Could you reproduce every record below exactly as it stands?

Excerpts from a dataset
━━━━━━

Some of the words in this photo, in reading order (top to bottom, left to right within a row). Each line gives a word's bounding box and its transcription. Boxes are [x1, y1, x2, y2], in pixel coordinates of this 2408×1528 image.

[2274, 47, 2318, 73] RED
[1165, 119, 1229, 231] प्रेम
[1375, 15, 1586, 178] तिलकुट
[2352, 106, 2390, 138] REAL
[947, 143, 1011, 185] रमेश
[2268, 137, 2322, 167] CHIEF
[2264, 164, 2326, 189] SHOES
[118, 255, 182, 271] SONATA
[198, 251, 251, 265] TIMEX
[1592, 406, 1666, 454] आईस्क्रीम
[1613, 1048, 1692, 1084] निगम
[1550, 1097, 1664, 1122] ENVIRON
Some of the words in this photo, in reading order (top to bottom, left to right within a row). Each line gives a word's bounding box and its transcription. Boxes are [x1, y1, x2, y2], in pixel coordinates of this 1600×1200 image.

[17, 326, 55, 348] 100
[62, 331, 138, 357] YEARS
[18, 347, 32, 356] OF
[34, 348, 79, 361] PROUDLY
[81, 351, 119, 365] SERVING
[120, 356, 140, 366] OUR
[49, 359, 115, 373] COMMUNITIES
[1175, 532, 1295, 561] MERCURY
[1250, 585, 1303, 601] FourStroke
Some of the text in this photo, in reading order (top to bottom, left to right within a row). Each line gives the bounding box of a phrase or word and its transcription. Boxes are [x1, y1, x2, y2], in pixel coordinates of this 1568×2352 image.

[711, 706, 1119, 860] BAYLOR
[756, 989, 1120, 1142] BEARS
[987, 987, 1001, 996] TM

━━━━━━

▸ **Solution to this problem**:
Some of the words in this photo, in reading order (top to bottom, left to right within a row). Each line gives a word's bounding box and its transcription. Boxes are [x1, y1, x2, y2], in pixel coordinates of this 2408×1528 image.

[2274, 47, 2318, 73] RED
[1165, 119, 1229, 231] प्रेम
[1375, 15, 1586, 178] तिलकुट
[2352, 106, 2390, 138] REAL
[947, 143, 1011, 185] रमेश
[2268, 137, 2322, 167] CHIEF
[2264, 164, 2326, 189] SHOES
[118, 255, 182, 271] SONATA
[198, 251, 251, 265] TIMEX
[1592, 406, 1666, 454] आईस्क्रीम
[1613, 1048, 1692, 1084] निगम
[1550, 1097, 1664, 1122] ENVIRON
Some of the words in this photo, in reading order (top to bottom, left to right within a row). Each line gives a word's bounding box and its transcription. Boxes are [x1, y1, x2, y2], in pixel coordinates of this 1600×1200 image.

[17, 326, 55, 348] 100
[62, 331, 138, 357] YEARS
[18, 347, 32, 356] OF
[34, 348, 79, 361] PROUDLY
[81, 351, 119, 365] SERVING
[120, 356, 140, 366] OUR
[49, 359, 115, 373] COMMUNITIES
[1175, 532, 1295, 561] MERCURY
[1250, 585, 1303, 601] FourStroke
Some of the text in this photo, in reading order (top to bottom, left to right within a row). Each line gives the bounding box of a phrase or word and its transcription. Boxes are [x1, y1, x2, y2], in pixel coordinates of this 1568×2352 image.

[711, 706, 1119, 860] BAYLOR
[756, 989, 1120, 1142] BEARS
[987, 987, 1001, 996] TM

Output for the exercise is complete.